Early life and activism[]

Kerensky was born in Simbirsk, from a mixed background. His mother, named Nadezhda Adler, was from Austria while his father was Fyodor Kerensky was a teacher and later headmaster in Simbirsk.

Kerensky graduated with a degree in Law from the St. Petersburg University in 1904. He showed his political allegiances early on, with his frequent defense of anti-Tsarist revolutionaries. He was elected to the Fourth Duma in 1912 as a member of the Trudoviks, a moderate labour party who were associated with the Socialist Revolutionary Party. He was a brilliant orator and skilled parliamentary leader as a Socialist Revolutionary and a leader of the socialist opposition to the regime of the ruling Tsar, Nicholas II.

February Revolution of 1917[]

When the February Revolution broke out in 1917, Kerensky was one of its most prominent leaders: he was a member of the Provisional Committee of the State Duma and was elected vice-chairman of the St. Petersburg Soviet. He simultaneously became the first Minister of Justice in the newly-formed Provisional Government. When the Soviet passed a resolution prohibiting its leaders from joining the government, Kerensky delivered a stirring speech at a Soviet meeting. Although the decision was never formalized, he was granted a de facto exemption and continued acting in both capacities.
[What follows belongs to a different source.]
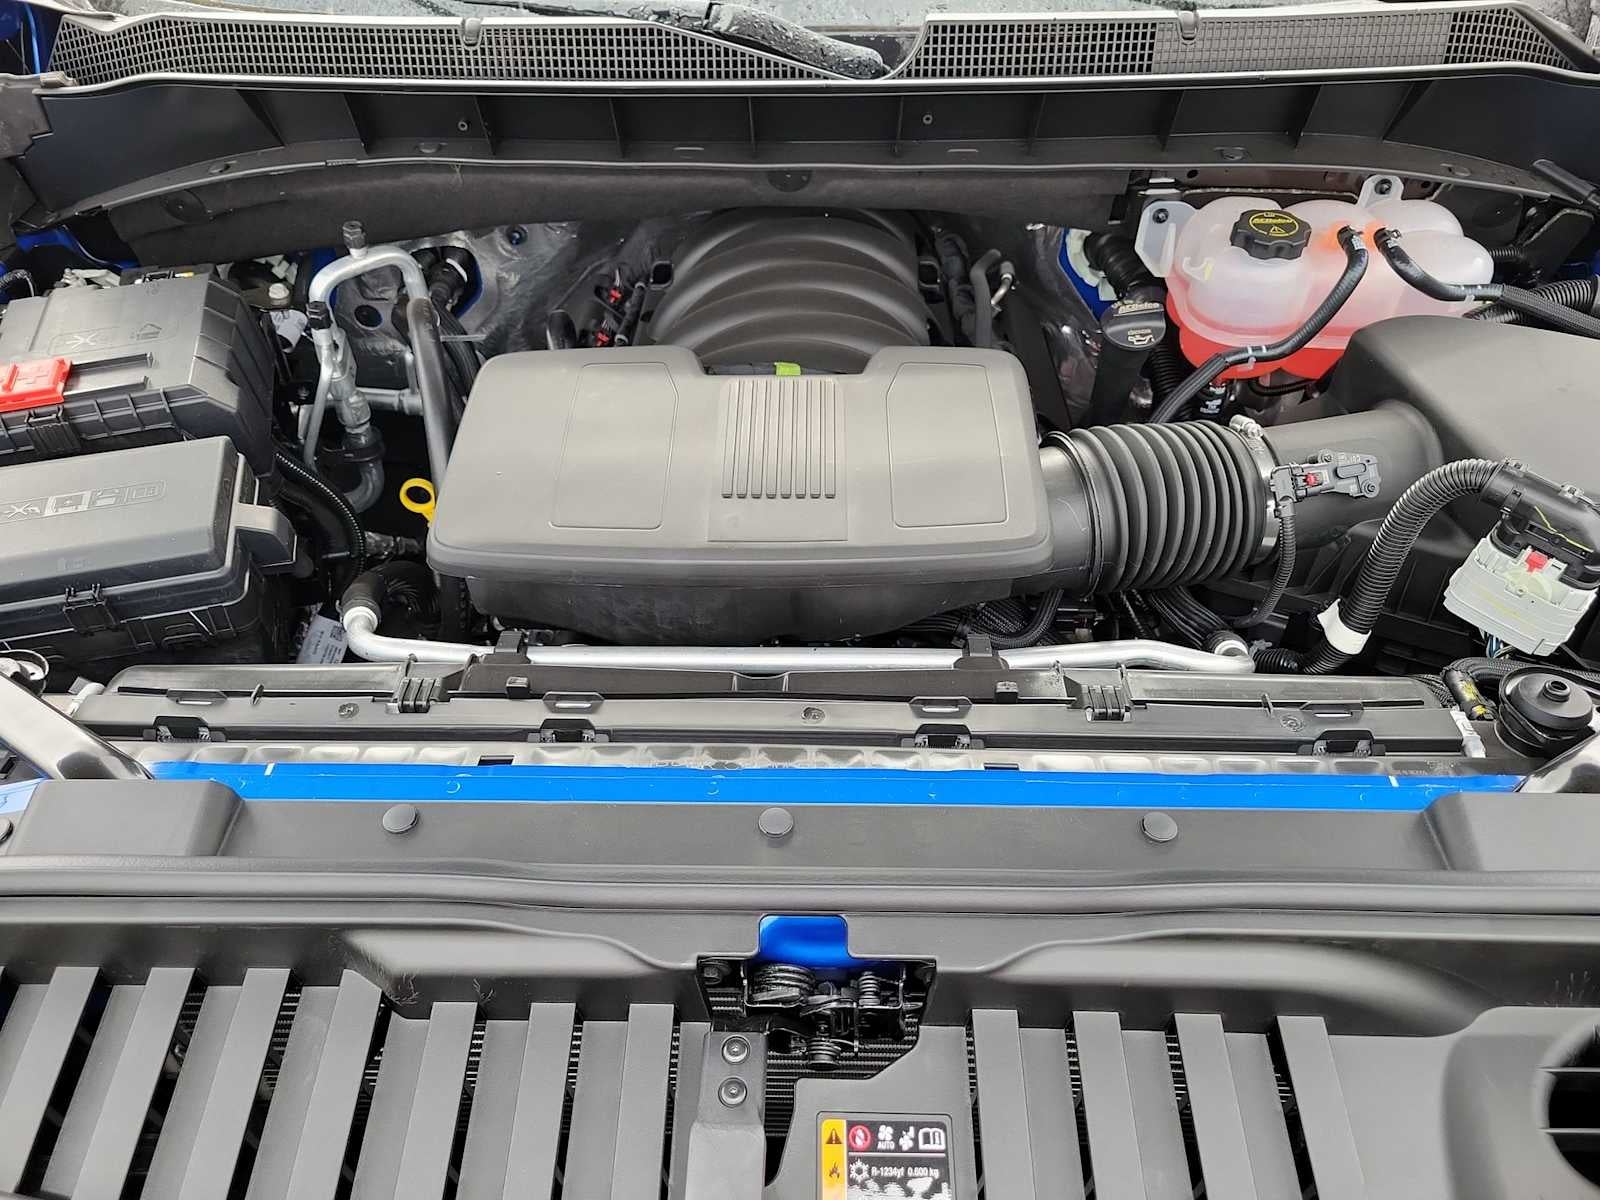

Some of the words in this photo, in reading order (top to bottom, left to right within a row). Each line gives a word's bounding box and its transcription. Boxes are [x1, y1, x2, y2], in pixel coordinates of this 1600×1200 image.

[877, 1140, 895, 1150] AUTO
[871, 1166, 904, 1178] R-1234yf
[929, 1167, 939, 1179] kg
After the first government crisis over Pavel Milyukov's secret note re-committing Russia to its original war aims on May 2-4, Kerensky became the Minister of War and the dominant figure in the newly formed socialist-liberal coalition government. Under Allied pressure to continue the war, he launched what became known as the Kerensky Offensive against the Austro-Hungarian/German South Army on June 17. At first successful, the offensive was soon stopped and then thrown back by a strong counter-attack. The Russian Army suffered heavy losses and Kerensky was heavily criticised by the military for his liberal policies, which included stripping officers of their mandate (handing overriding control to revolutionary inclined "soldier committees" instead), the abolition of the death penalty, and the presence of various revolutionary agitators at the front.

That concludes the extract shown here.